En ese infierno se revuelve el PSOE desde el sábado 1 de octubre, sin causa ni necesidad convincentes. Para evitar otras elecciones que pueden relegarlo al tercer nivel parlamentario y depositar en el segundo el liderazgo de la izquierda progresista, no ve otra salida que la de abstenerse en bloque y facilitar un gobierno marcado por el estigma de la corrupción y la incompetencia. Será cambiar un infierno por otro, después de cerrar sin consulta a las bases la posibilidad de una alternativa acaso impredecible -como nueva- pero más limpia.

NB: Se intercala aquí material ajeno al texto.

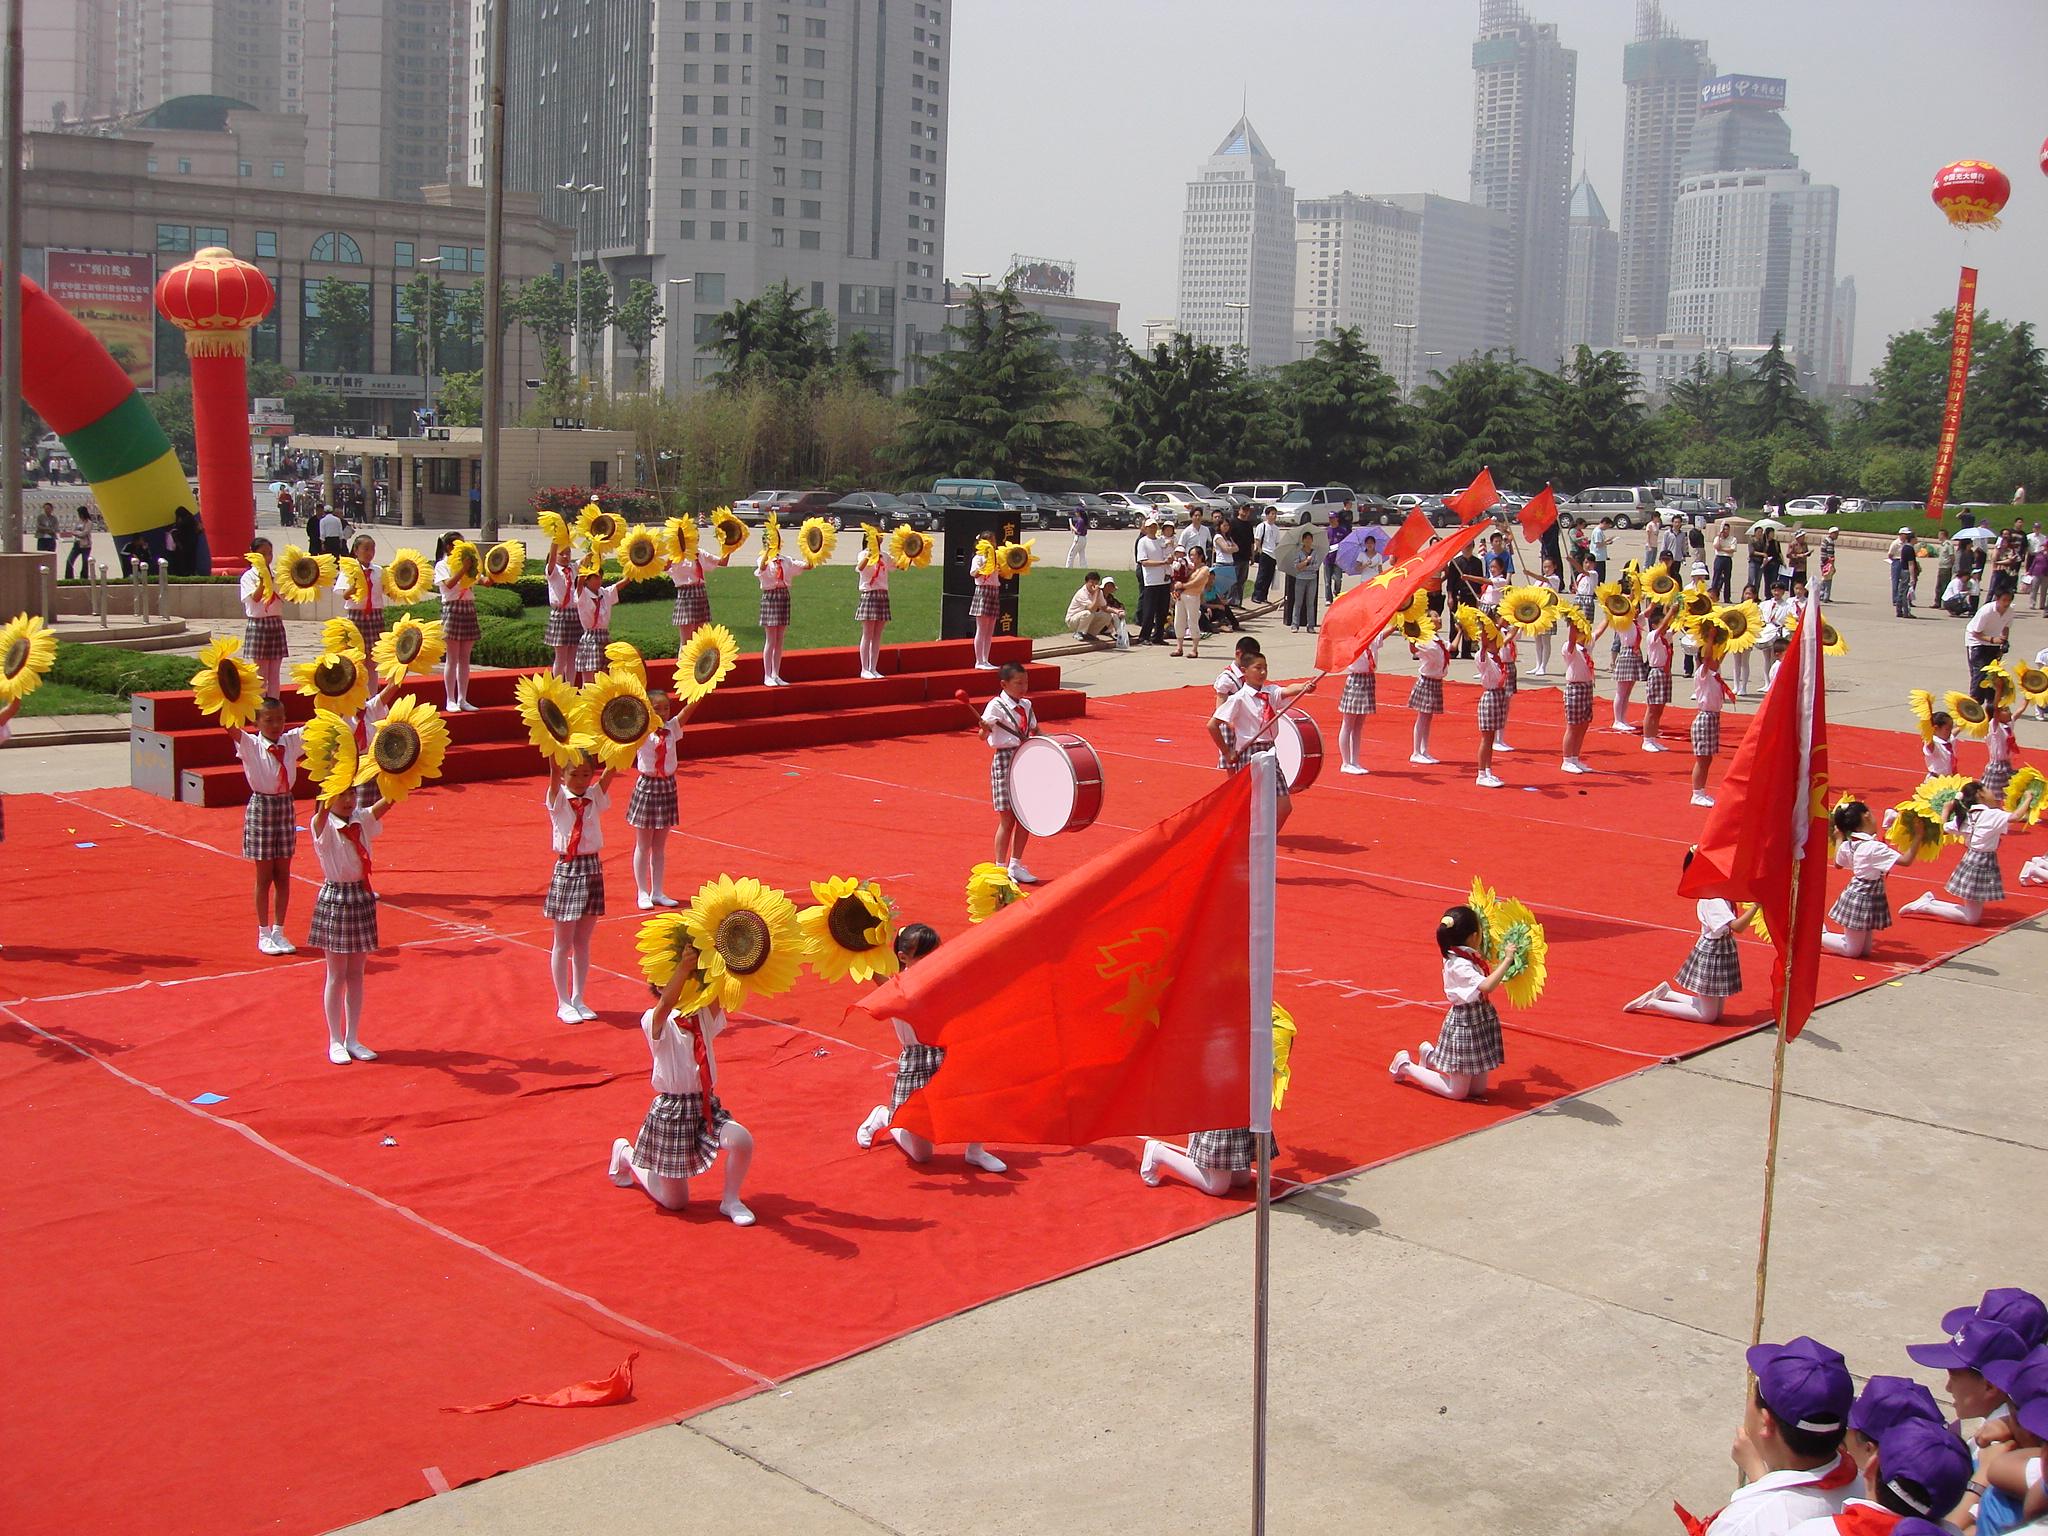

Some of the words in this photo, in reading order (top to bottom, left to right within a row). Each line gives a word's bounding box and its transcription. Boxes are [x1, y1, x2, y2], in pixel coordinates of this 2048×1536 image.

[1943, 172, 1985, 182] 中国光大银行
[1003, 522, 1015, 543] 声
[1001, 613, 1013, 632] 音

Lo irónico es que la disciplina de voto no hace falta para esa finalidad. El voto libre entre el "no" y la abstención puede resolver la investidura y evitar terceras elecciones sin comprometer a la totalidad del partido ni sufrir la condena de complicidad que cuestione sus iniciativas opositoras en el tiempo que dure la legislatura. Ante esta evidencia, la "estructura sacrificial" implícita en el mandato imperativo -rechazada en firme por la dirección de algunos territorios- solo puede causar mayor división y estrago. Tratar de imponerla es el reflejo absolutista de una gestora resuelta a cargar sobre su propia marca todo el daño de estos 300 días que se han ido por el vertedero de la nada. La gestora, "a fuerza de querer ser ella y únicamente ella, se convierte en algo anónimo, impersonal. Acaba siendo nadie..." (Zambrano)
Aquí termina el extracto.